>>
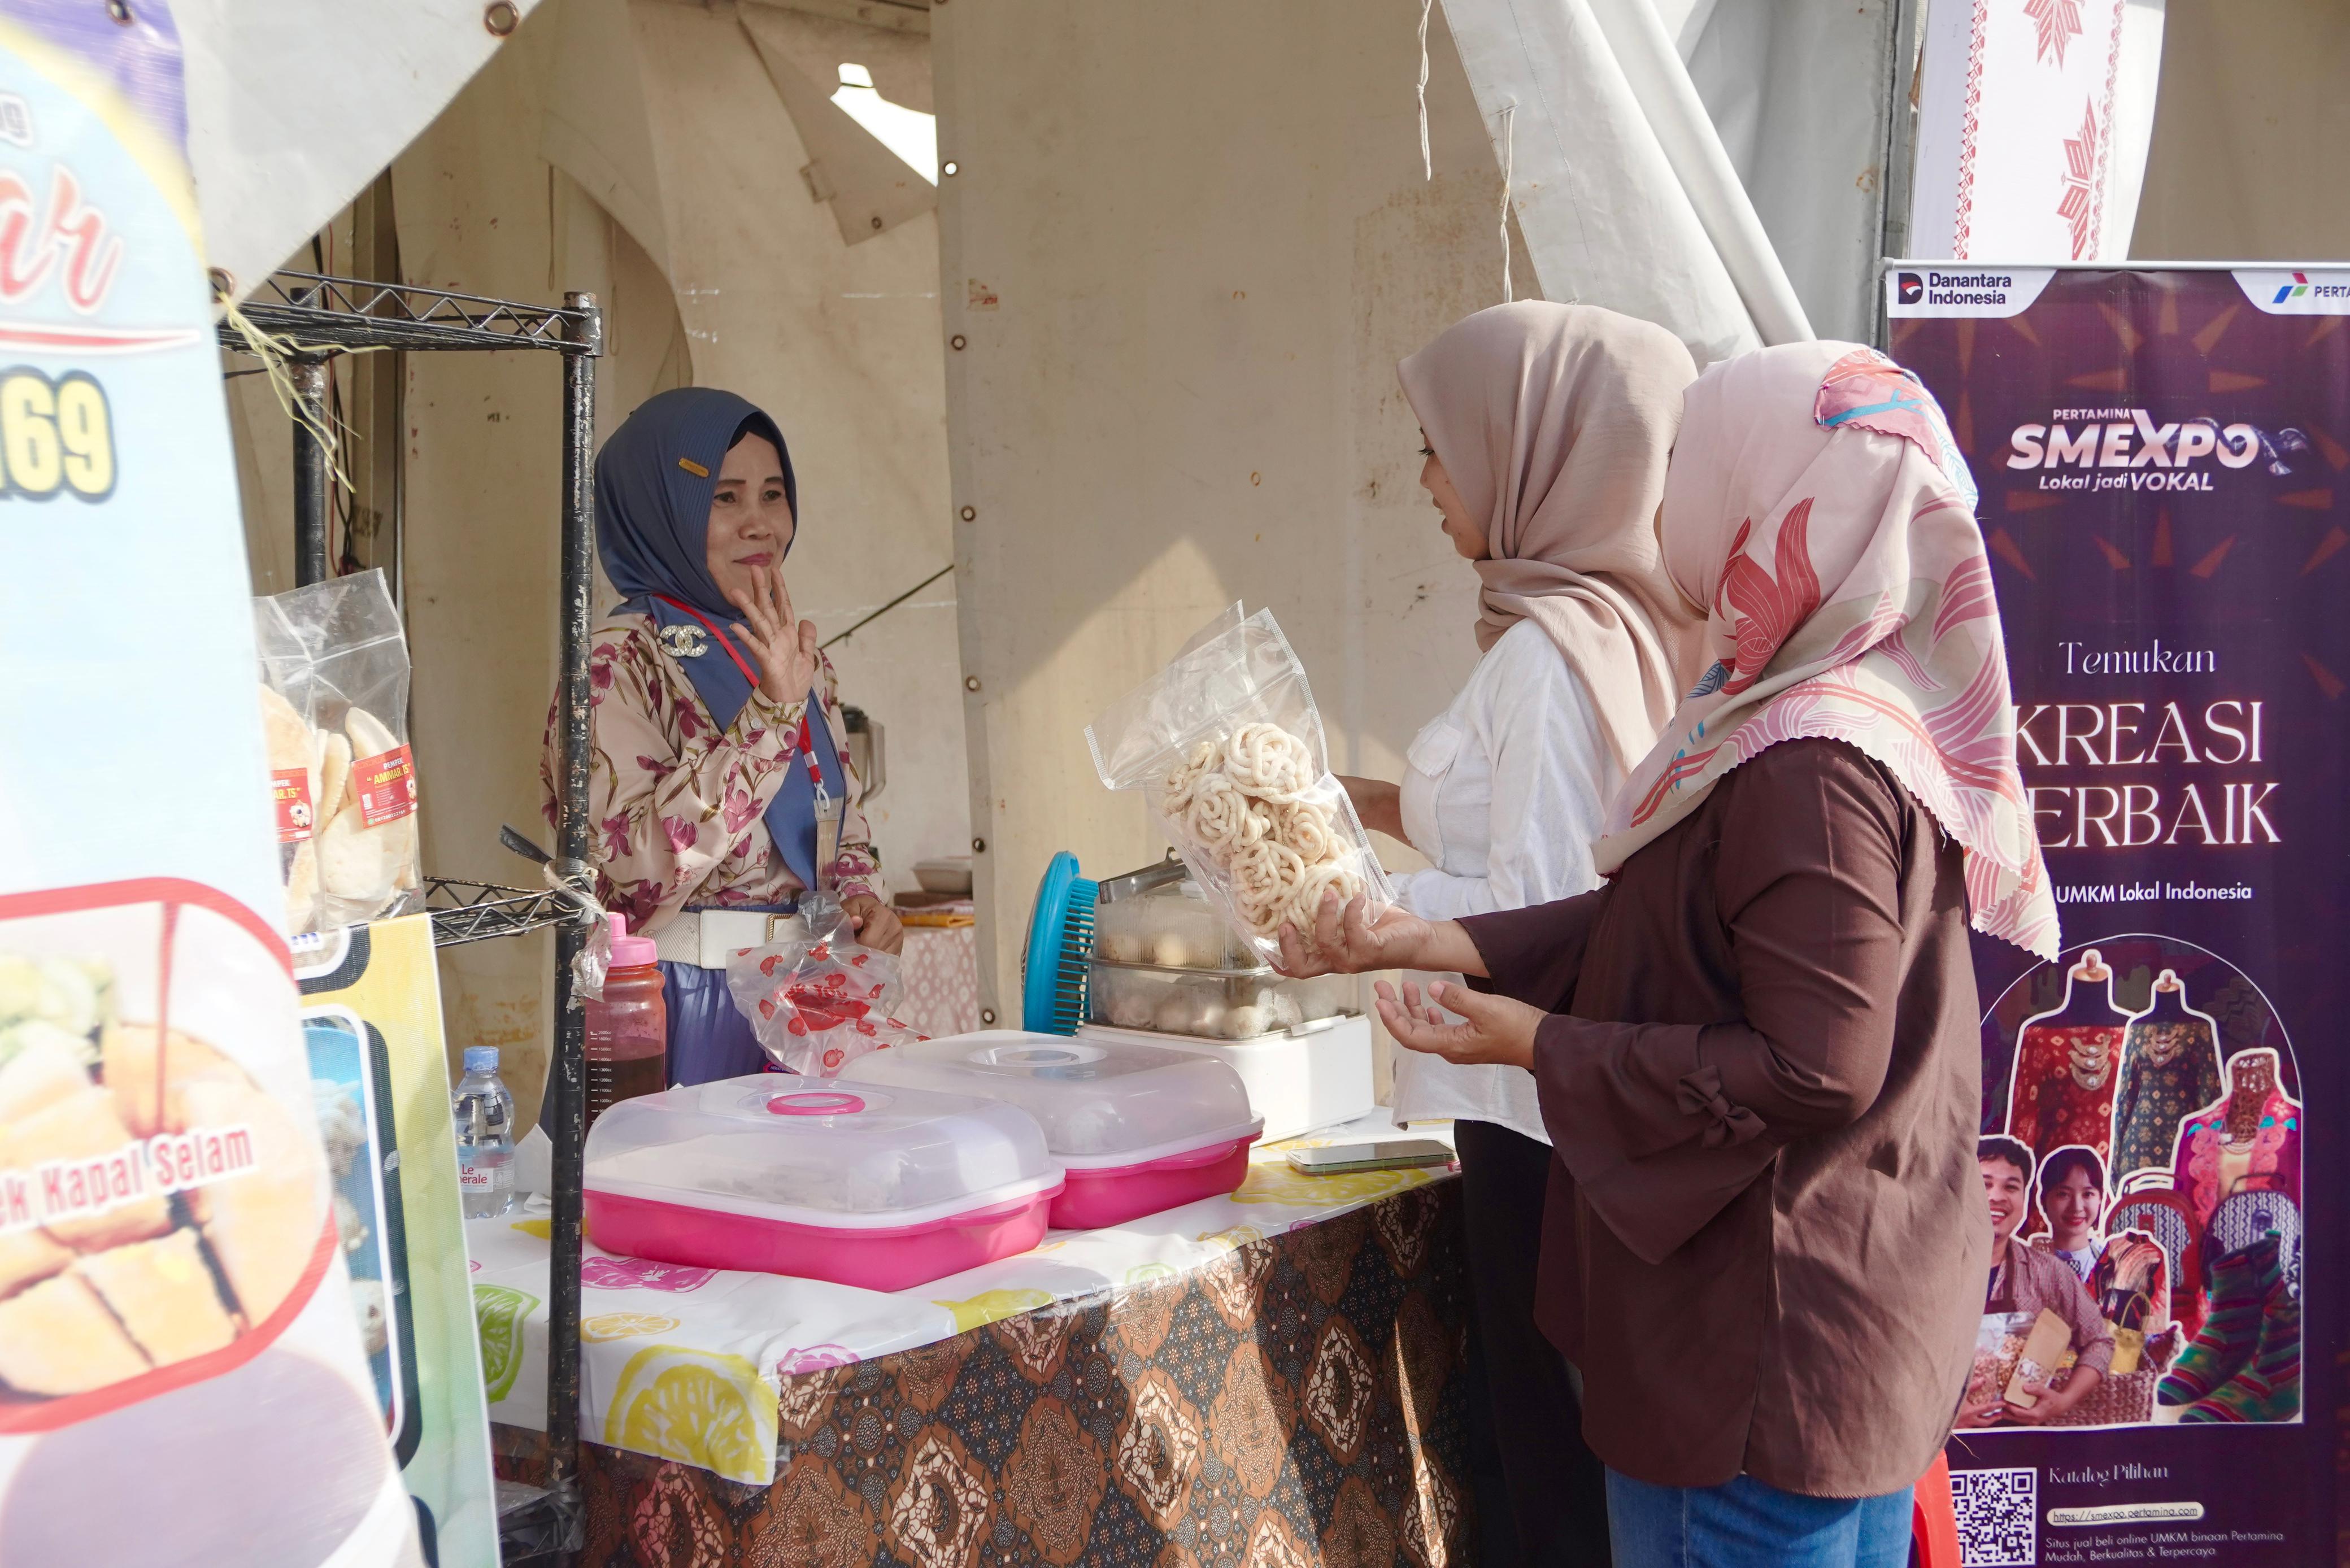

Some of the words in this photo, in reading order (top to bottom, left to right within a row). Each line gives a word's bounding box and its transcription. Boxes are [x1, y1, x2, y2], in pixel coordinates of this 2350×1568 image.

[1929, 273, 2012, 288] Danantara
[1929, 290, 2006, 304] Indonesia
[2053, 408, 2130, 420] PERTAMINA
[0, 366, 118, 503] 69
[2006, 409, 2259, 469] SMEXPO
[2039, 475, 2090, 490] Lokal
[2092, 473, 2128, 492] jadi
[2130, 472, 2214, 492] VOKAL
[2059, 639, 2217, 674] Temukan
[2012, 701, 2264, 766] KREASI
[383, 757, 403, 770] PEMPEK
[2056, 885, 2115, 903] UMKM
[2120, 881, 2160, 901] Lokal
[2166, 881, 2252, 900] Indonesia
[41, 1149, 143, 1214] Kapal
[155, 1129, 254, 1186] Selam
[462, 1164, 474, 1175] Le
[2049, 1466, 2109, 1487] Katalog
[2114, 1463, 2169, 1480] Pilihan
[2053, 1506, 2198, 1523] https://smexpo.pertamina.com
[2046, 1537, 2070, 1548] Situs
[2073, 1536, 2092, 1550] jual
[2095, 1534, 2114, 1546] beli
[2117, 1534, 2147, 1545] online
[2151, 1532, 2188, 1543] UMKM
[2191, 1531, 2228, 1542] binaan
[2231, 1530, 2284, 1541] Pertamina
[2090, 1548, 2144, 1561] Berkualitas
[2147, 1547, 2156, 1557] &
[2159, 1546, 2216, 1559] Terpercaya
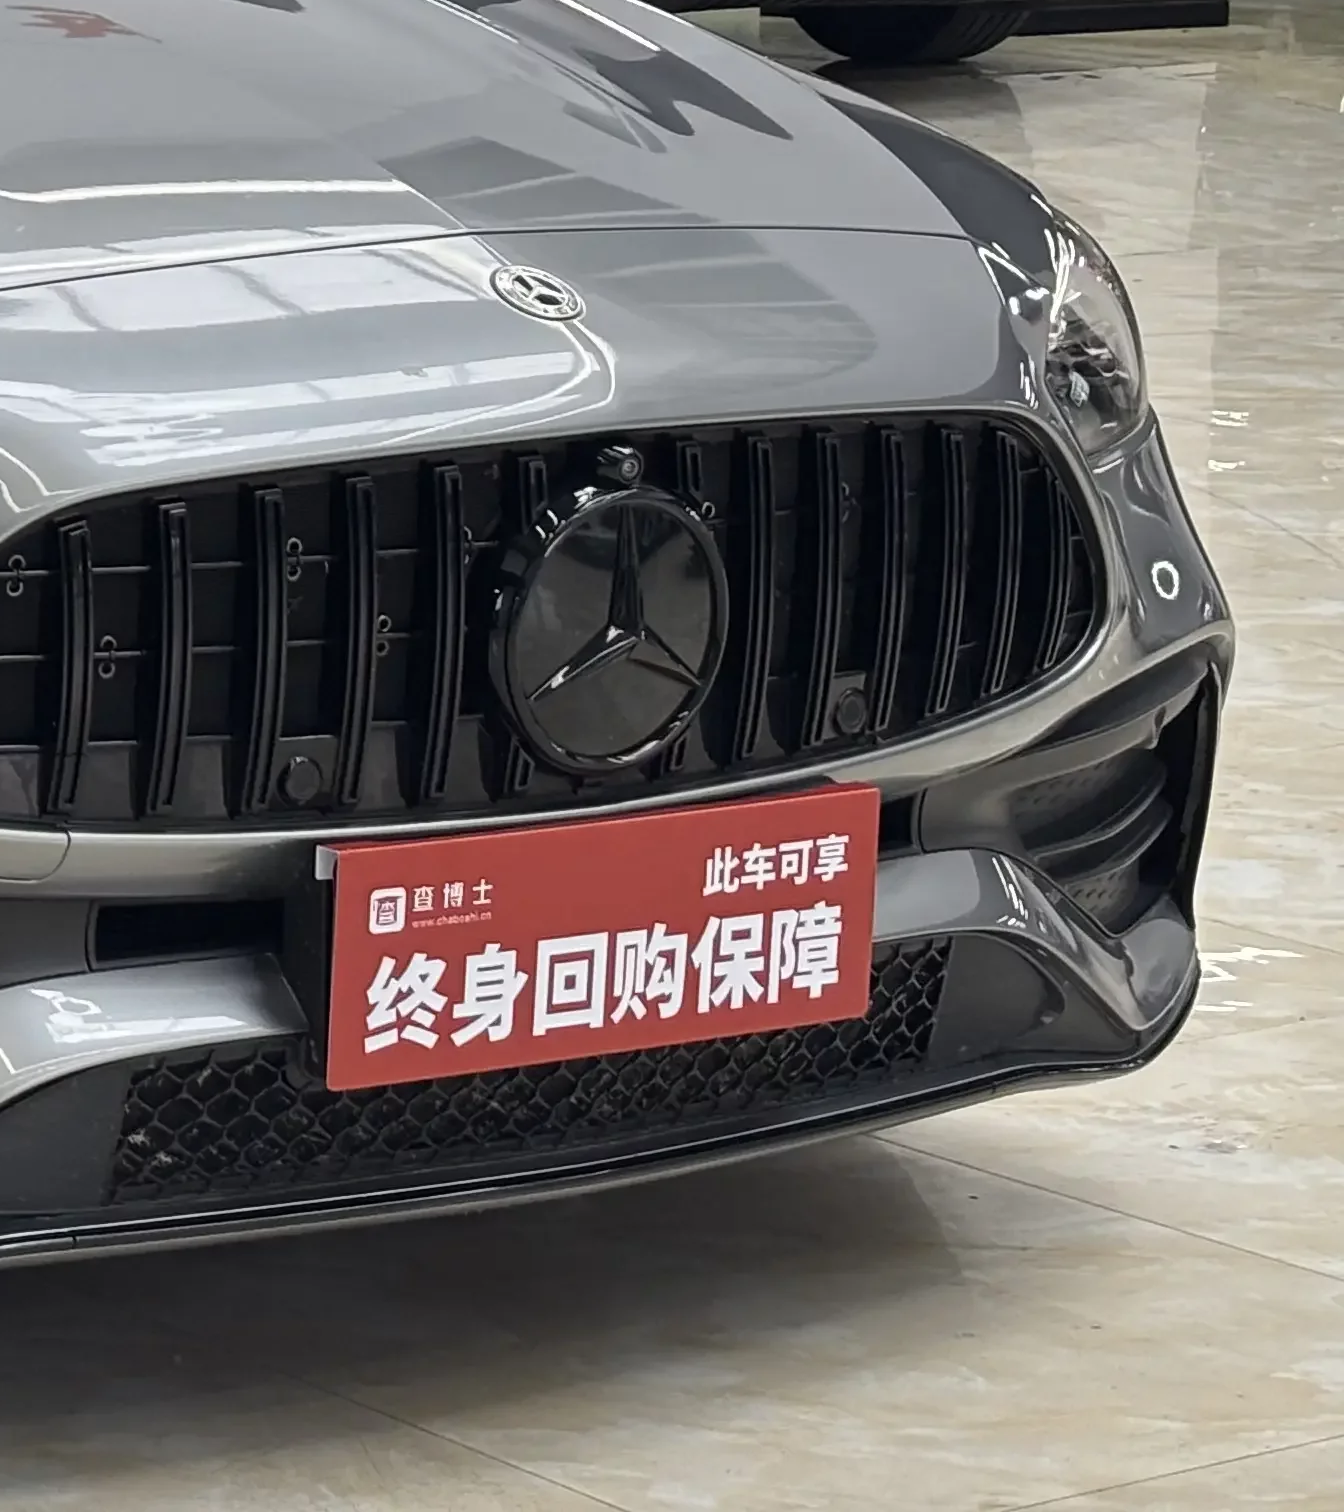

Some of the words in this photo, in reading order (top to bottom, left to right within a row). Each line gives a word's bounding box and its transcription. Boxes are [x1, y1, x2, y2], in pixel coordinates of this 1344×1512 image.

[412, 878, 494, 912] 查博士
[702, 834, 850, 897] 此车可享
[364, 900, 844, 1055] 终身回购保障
<<
Copy the listing exactly. Any image in it stays out of the copy.

Some of the words in this photo, in reading order (top to bottom, left to right within a row). Each line gives a word's bounding box and its transcription. Boxes are [x1, y1, x2, y2], in pixel coordinates of this 2350×1568 image.

[1929, 273, 2012, 288] Danantara
[1929, 290, 2006, 304] Indonesia
[2053, 408, 2130, 420] PERTAMINA
[0, 366, 118, 503] 69
[2006, 409, 2259, 469] SMEXPO
[2039, 475, 2090, 490] Lokal
[2092, 473, 2128, 492] jadi
[2130, 472, 2214, 492] VOKAL
[2059, 639, 2217, 674] Temukan
[2012, 701, 2264, 766] KREASI
[383, 757, 403, 770] PEMPEK
[2056, 885, 2115, 903] UMKM
[2120, 881, 2160, 901] Lokal
[2166, 881, 2252, 900] Indonesia
[41, 1149, 143, 1214] Kapal
[155, 1129, 254, 1186] Selam
[462, 1164, 474, 1175] Le
[2049, 1466, 2109, 1487] Katalog
[2114, 1463, 2169, 1480] Pilihan
[2053, 1506, 2198, 1523] https://smexpo.pertamina.com
[2046, 1537, 2070, 1548] Situs
[2073, 1536, 2092, 1550] jual
[2095, 1534, 2114, 1546] beli
[2117, 1534, 2147, 1545] online
[2151, 1532, 2188, 1543] UMKM
[2191, 1531, 2228, 1542] binaan
[2231, 1530, 2284, 1541] Pertamina
[2090, 1548, 2144, 1561] Berkualitas
[2147, 1547, 2156, 1557] &
[2159, 1546, 2216, 1559] Terpercaya

Some of the words in this photo, in reading order (top to bottom, left to right within a row). Each line gives a word's bounding box and its transcription. Boxes are [x1, y1, x2, y2], in pixel coordinates of this 1344×1512 image.

[412, 878, 494, 912] 查博士
[702, 834, 850, 897] 此车可享
[364, 900, 844, 1055] 终身回购保障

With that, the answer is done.